Don't all laugh, but my best friend in these circumstances is a wall.

I like to use walls, as big as possible. Size totally matters. If you have an 
office that gives you the kind of space you need and the kinds of colleagues 
that won't mind your special take on interior decoration, then you might find 
it really useful to map the interface to a wall, annotating it with notelets or 
whatever else works. I use A1 standard paper in landscape (recycled of course!).

This all started because, like many folks, I often use a wall to do labelling 
exercises. Eventually I worked with a client whose project manager was 
fascinated by the idea of 'defacing' a grey office wall and asked me to 
continue the project on the wall after the labelling task. So I did. And since 
then it's become a common part of my process.

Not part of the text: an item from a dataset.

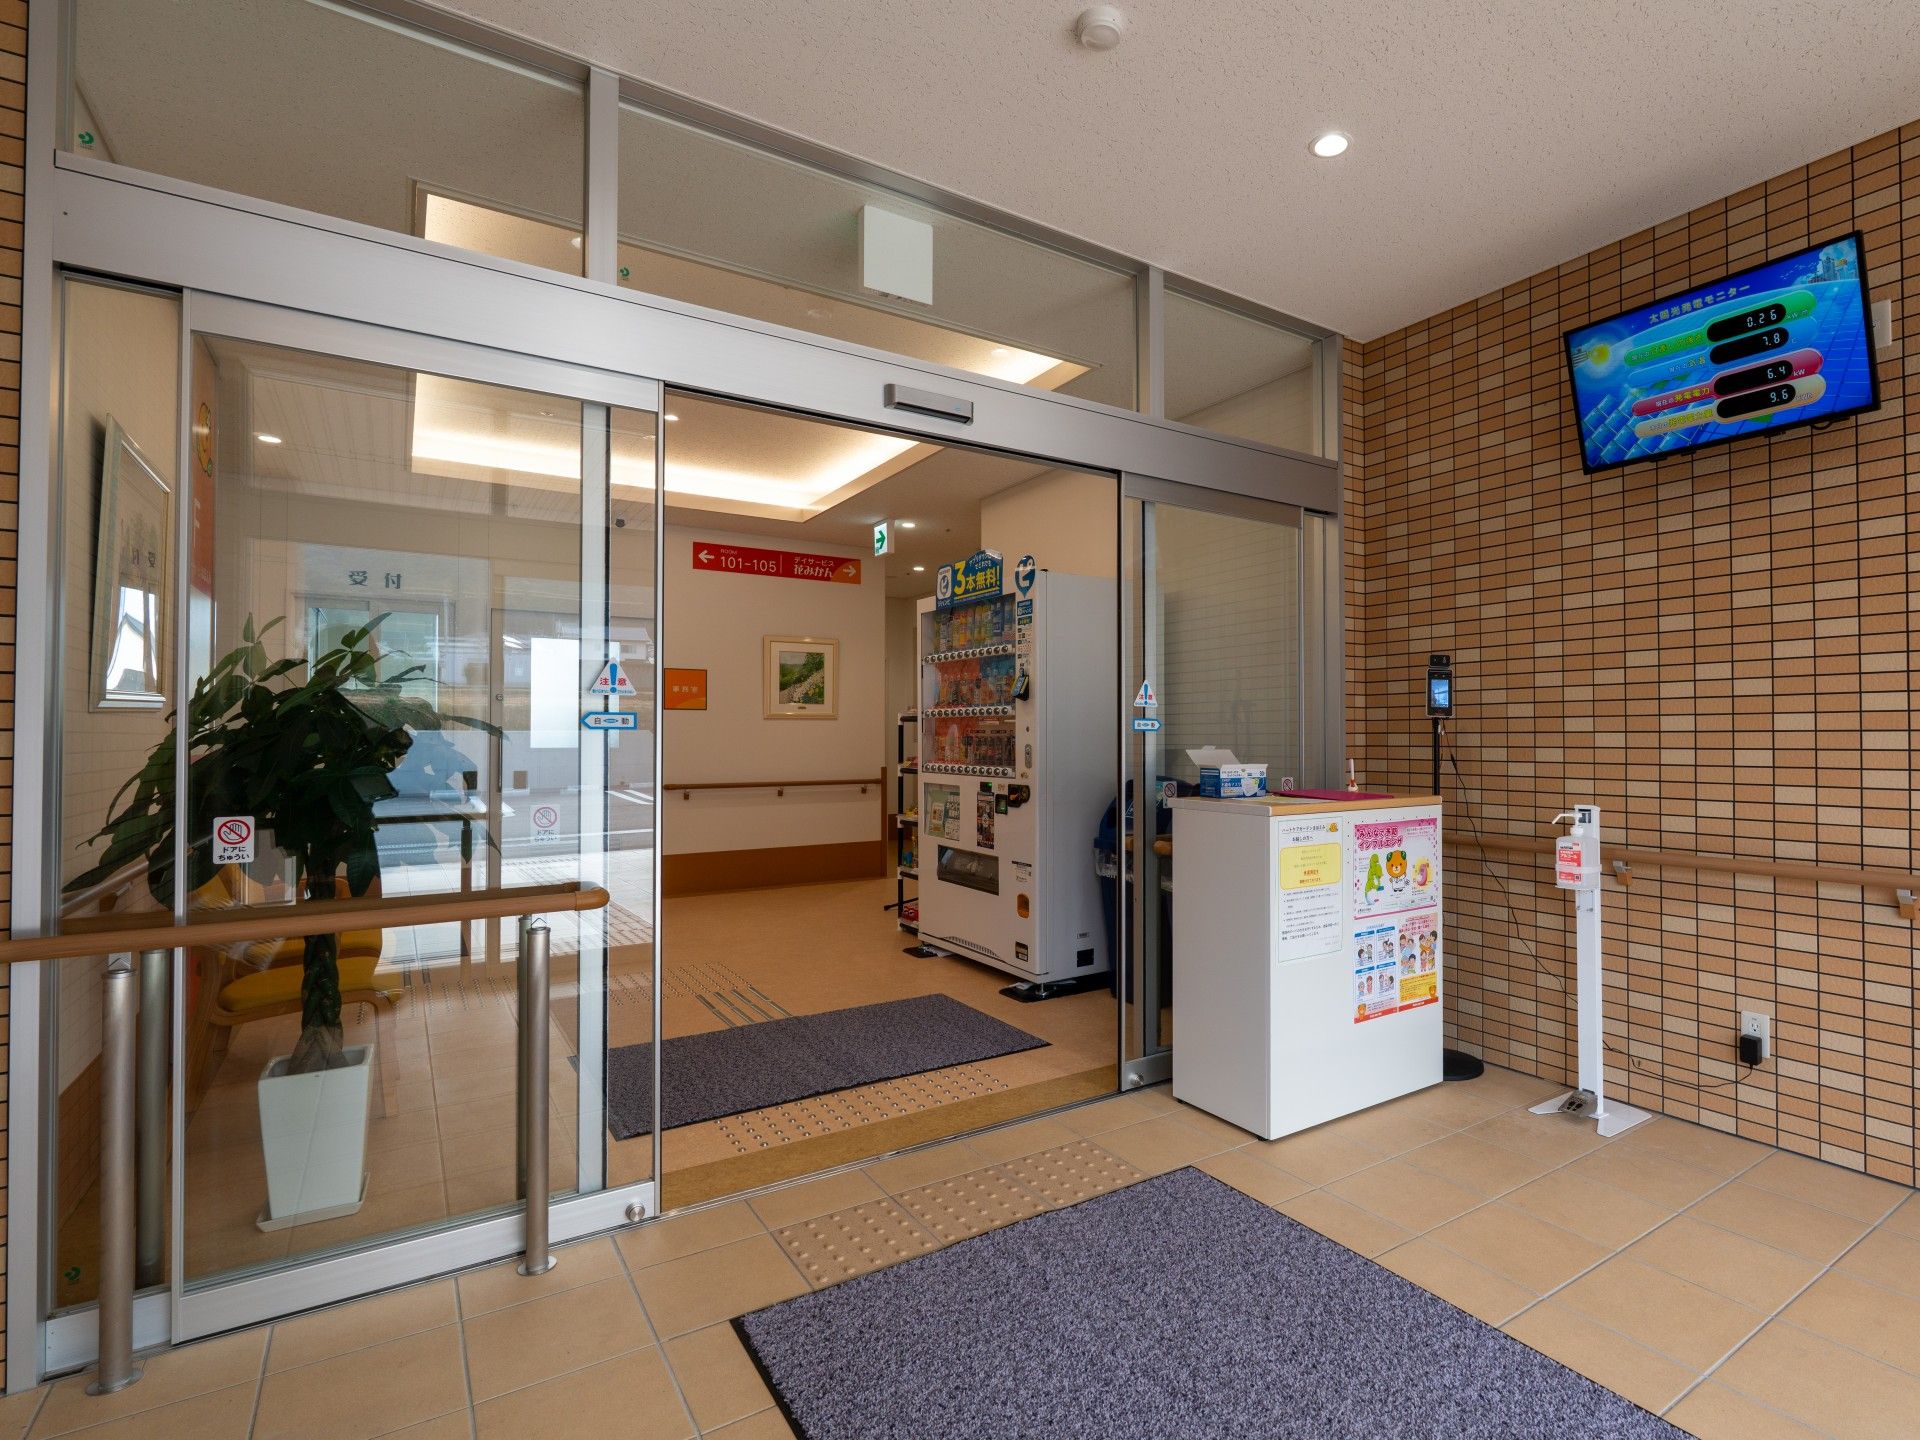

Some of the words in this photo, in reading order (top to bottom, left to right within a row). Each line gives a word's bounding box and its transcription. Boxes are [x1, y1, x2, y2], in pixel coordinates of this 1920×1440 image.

Developers, designers, the business, they all just pop in when I'm there (or 
absent, if they're shy) and leave their comments on the wall. 

If they want to talk about their ideas, we stand at the wall (because standing 
meetings are Scrum-friendly) and use a marker pen as a mouse pointer. The whole 
effect is sort of like doing lifesize prototype testing :-) And then when it 
comes  to documentation, I simply take a lot of photos of the wall!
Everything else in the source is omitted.